*ASSIGNED TASK*:
Transcribe the entries exactly. Omit the pictures.

====== PROVIDED ENTRIES

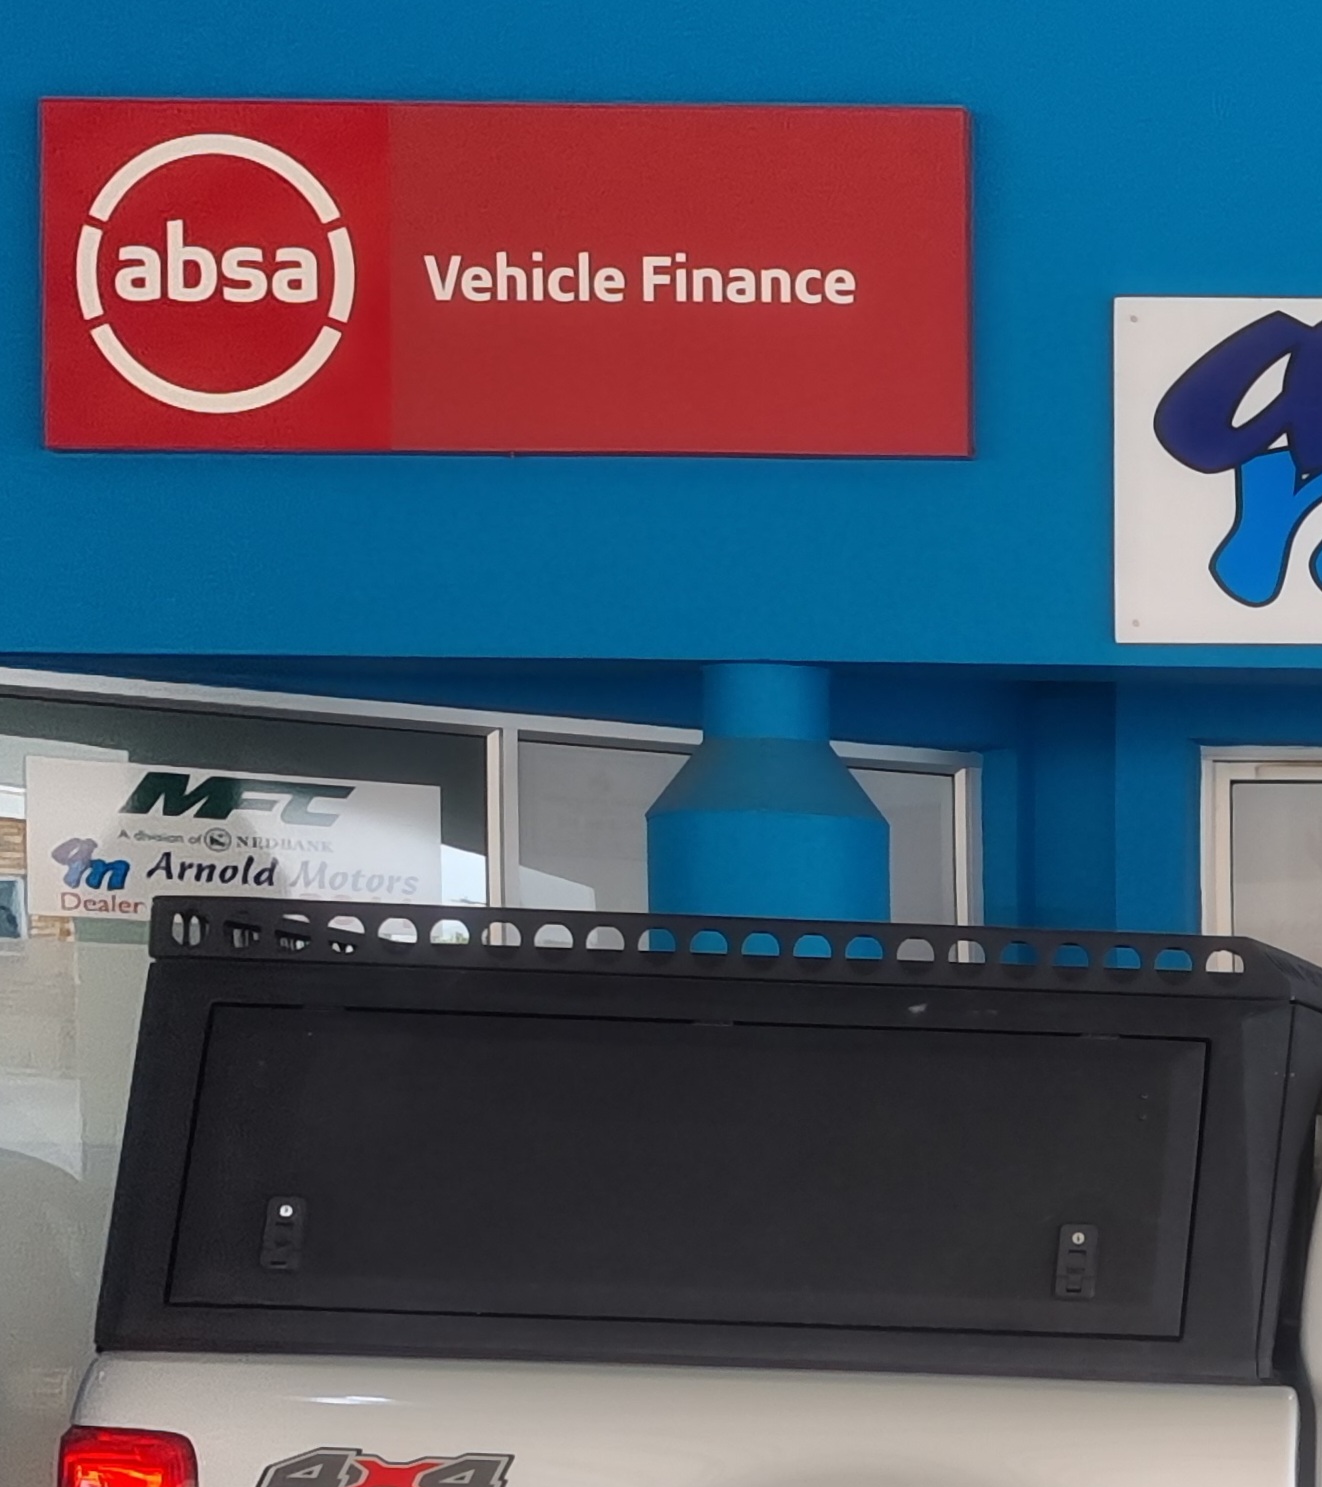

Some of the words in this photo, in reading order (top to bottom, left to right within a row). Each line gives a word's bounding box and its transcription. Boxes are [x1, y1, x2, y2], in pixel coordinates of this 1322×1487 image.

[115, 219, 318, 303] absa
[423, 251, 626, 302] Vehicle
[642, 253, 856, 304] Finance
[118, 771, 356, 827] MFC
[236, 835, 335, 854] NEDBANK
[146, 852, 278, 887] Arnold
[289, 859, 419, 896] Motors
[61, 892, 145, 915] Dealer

============

*SOLVED EXERCISE*:
Some of the words in this photo, in reading order (top to bottom, left to right within a row). Each line gives a word's bounding box and its transcription. Boxes are [x1, y1, x2, y2], in pixel coordinates of this 1322×1487 image.

[115, 219, 318, 303] absa
[423, 251, 626, 302] Vehicle
[642, 253, 856, 304] Finance
[118, 771, 356, 827] MFC
[236, 835, 335, 854] NEDBANK
[146, 852, 278, 887] Arnold
[289, 859, 419, 896] Motors
[61, 892, 145, 915] Dealer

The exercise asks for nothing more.